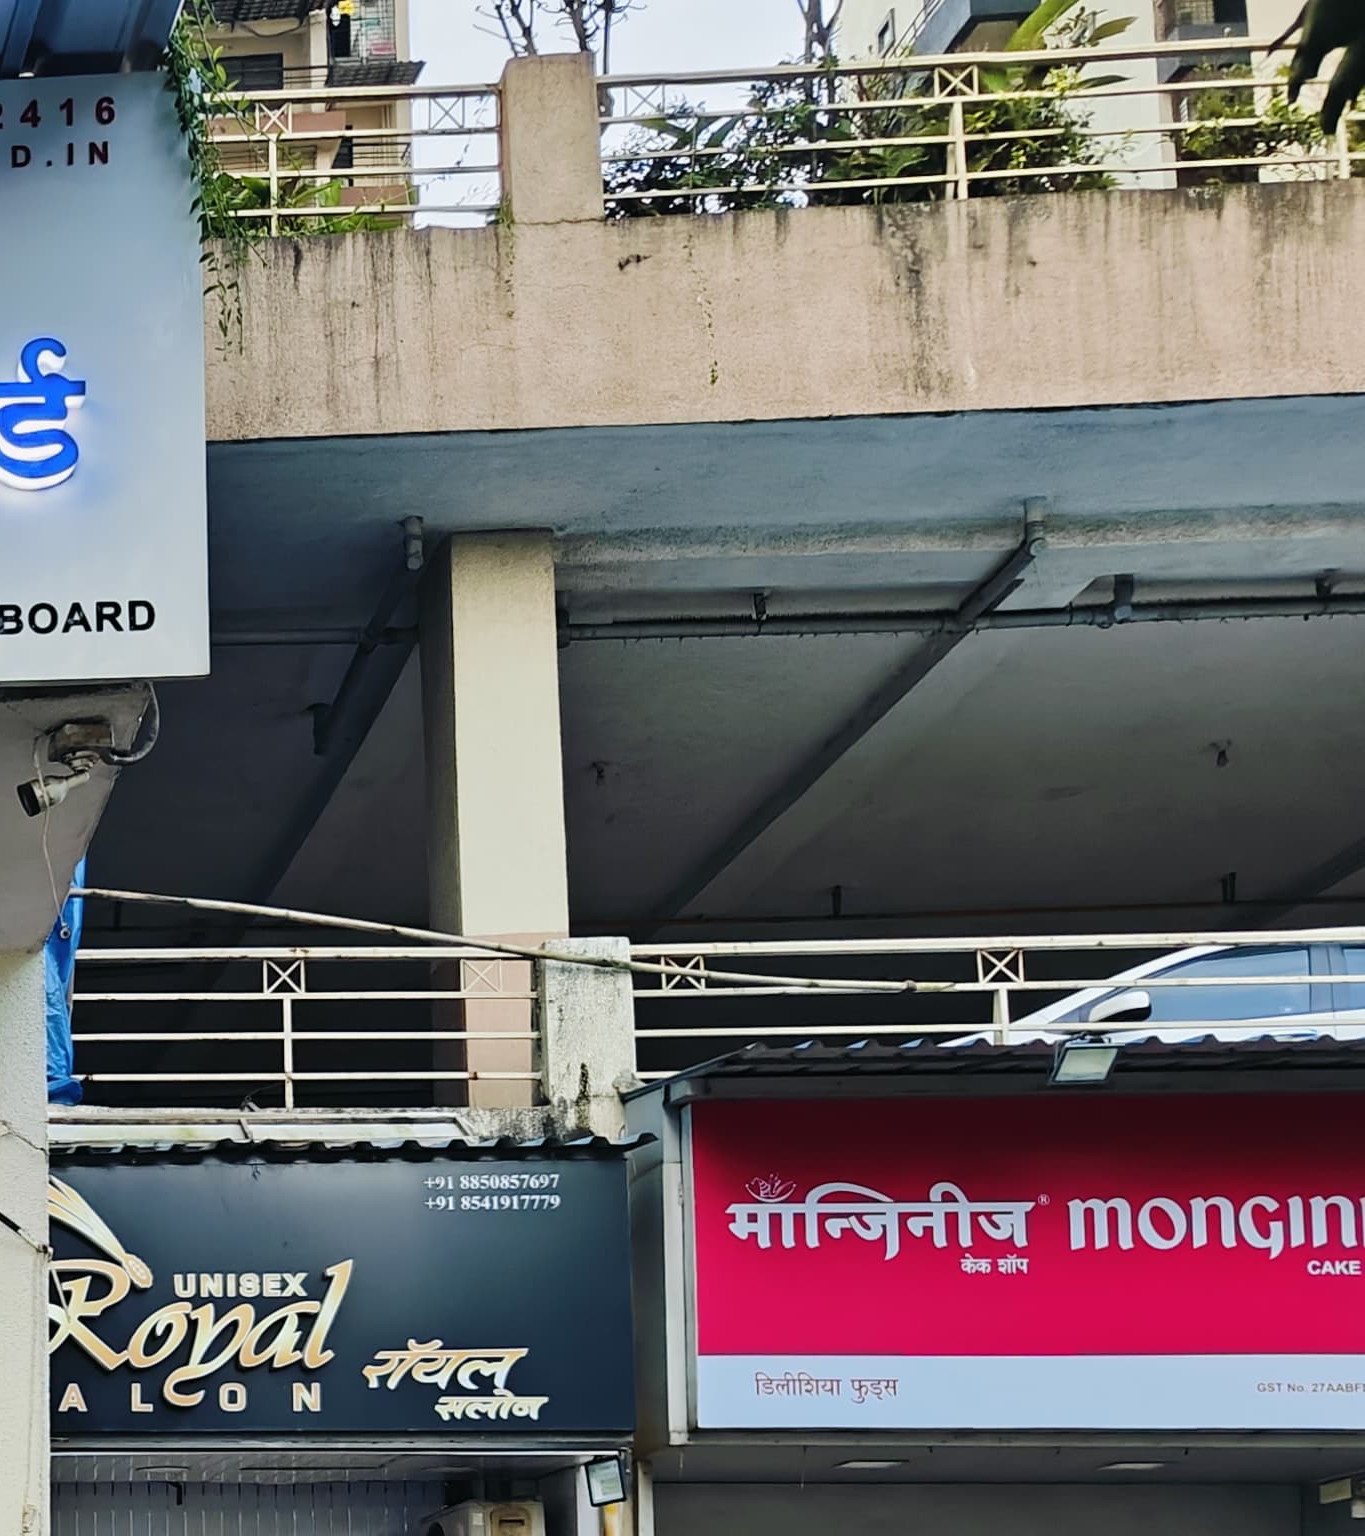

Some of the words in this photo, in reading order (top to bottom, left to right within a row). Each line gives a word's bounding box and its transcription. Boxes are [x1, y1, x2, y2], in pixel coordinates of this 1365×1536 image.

[424, 1175, 454, 1190] +91
[459, 1173, 560, 1190] 8850857697
[424, 1195, 455, 1210] +91
[460, 1194, 561, 1210] 8541917779
[1306, 1259, 1363, 1276] CAKE
[173, 1272, 308, 1298] UNISEX
[49, 1258, 353, 1407] Royal
[362, 1338, 529, 1391] रॉयल
[1256, 1382, 1283, 1393] GST
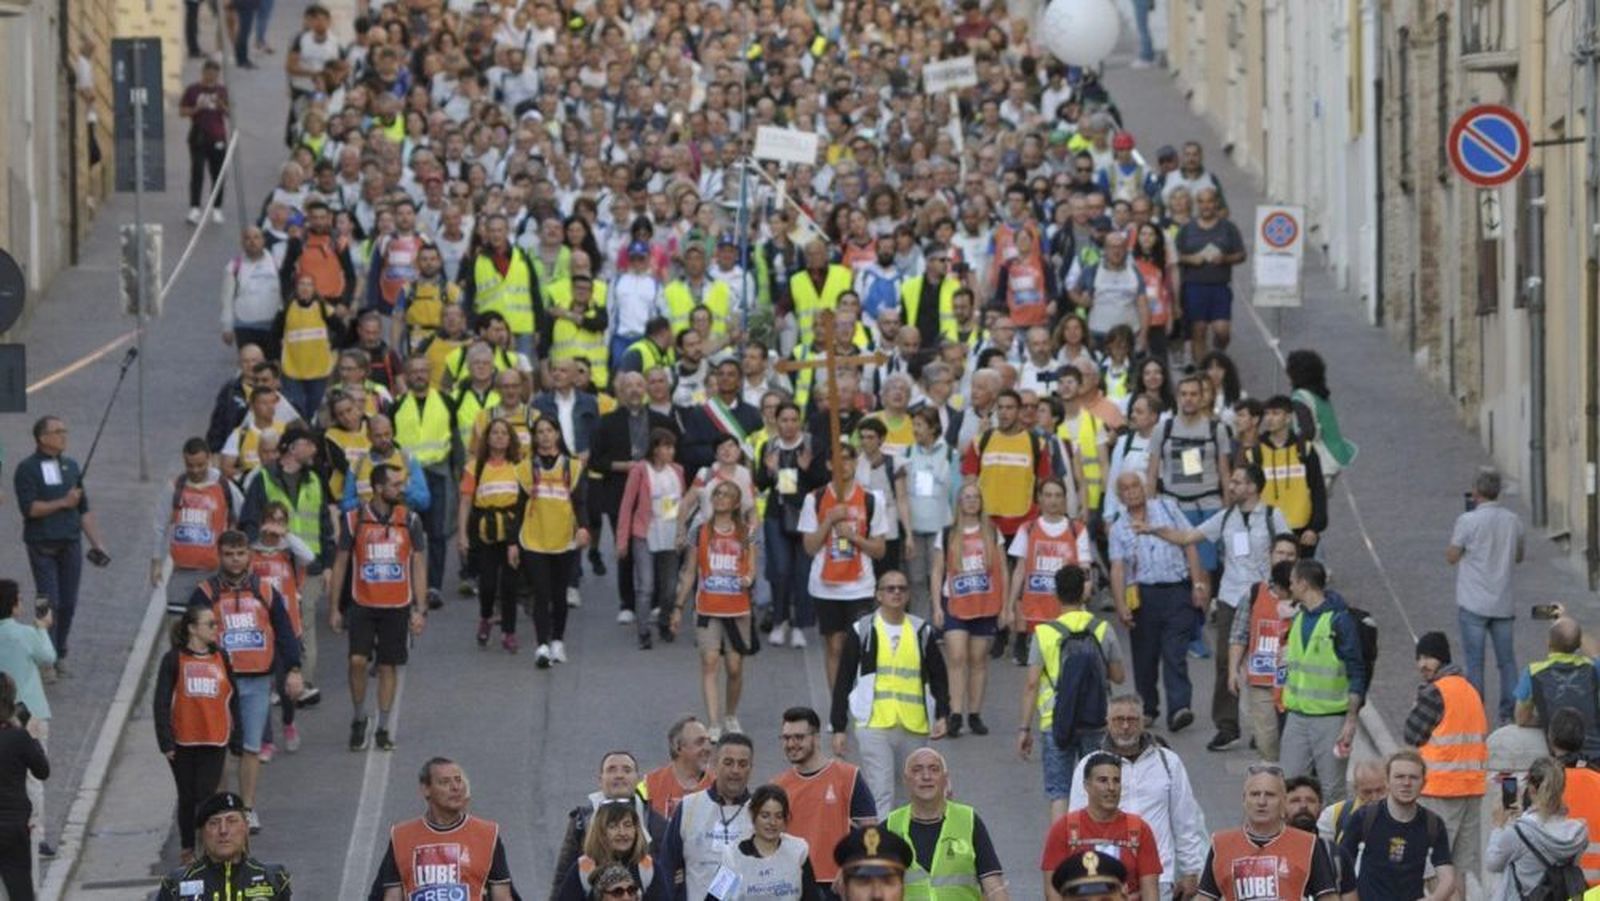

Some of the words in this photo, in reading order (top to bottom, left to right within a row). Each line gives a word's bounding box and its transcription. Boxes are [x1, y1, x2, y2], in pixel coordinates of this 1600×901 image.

[367, 543, 396, 559] LUBE
[225, 613, 256, 629] LUBE
[225, 631, 263, 645] CREO
[188, 678, 217, 694] LUBE
[417, 863, 457, 886] LUBE
[1236, 874, 1276, 900] LUBE
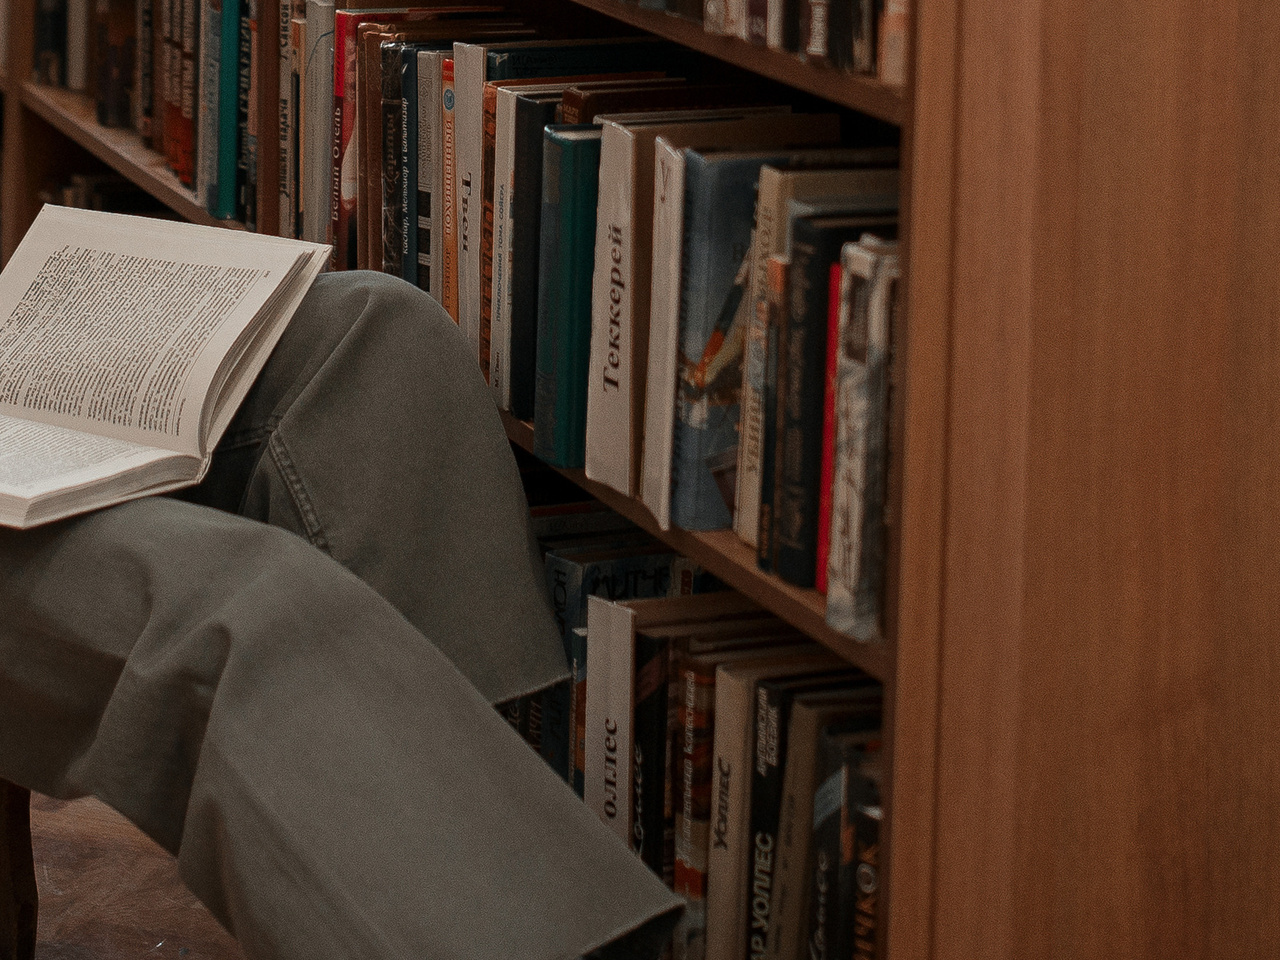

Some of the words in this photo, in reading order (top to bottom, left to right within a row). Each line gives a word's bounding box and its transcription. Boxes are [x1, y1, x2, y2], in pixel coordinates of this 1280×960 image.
--- --- ---
# Exercise details
The full listing, reproduced exactly and without pictures, is the expected output.

# Solution
Some of the words in this photo, in reading order (top to bottom, left to right within a row). Each line gives a word's bounding box and its transcription. Boxes are [x1, y1, x2, y2], in pixel coordinates of this 1365×1536 image.

[424, 1175, 454, 1190] +91
[459, 1173, 560, 1190] 8850857697
[424, 1195, 455, 1210] +91
[460, 1194, 561, 1210] 8541917779
[1306, 1259, 1363, 1276] CAKE
[173, 1272, 308, 1298] UNISEX
[49, 1258, 353, 1407] Royal
[362, 1338, 529, 1391] रॉयल
[1256, 1382, 1283, 1393] GST

Some of the words in this photo, in reading order (top to bottom, left to right within a row). Each line gives a word's bounding box and its transcription. Boxes are [x1, y1, x2, y2], in pixel coordinates of this 1600×901 image.

[367, 543, 396, 559] LUBE
[225, 613, 256, 629] LUBE
[225, 631, 263, 645] CREO
[188, 678, 217, 694] LUBE
[417, 863, 457, 886] LUBE
[1236, 874, 1276, 900] LUBE

Some of the words in this photo, in reading order (top to bottom, left to right within a row). Each line gives a word's bounding box and its transcription. Boxes are [x1, y1, x2, y2], in pixel coordinates of this 1280×960 image.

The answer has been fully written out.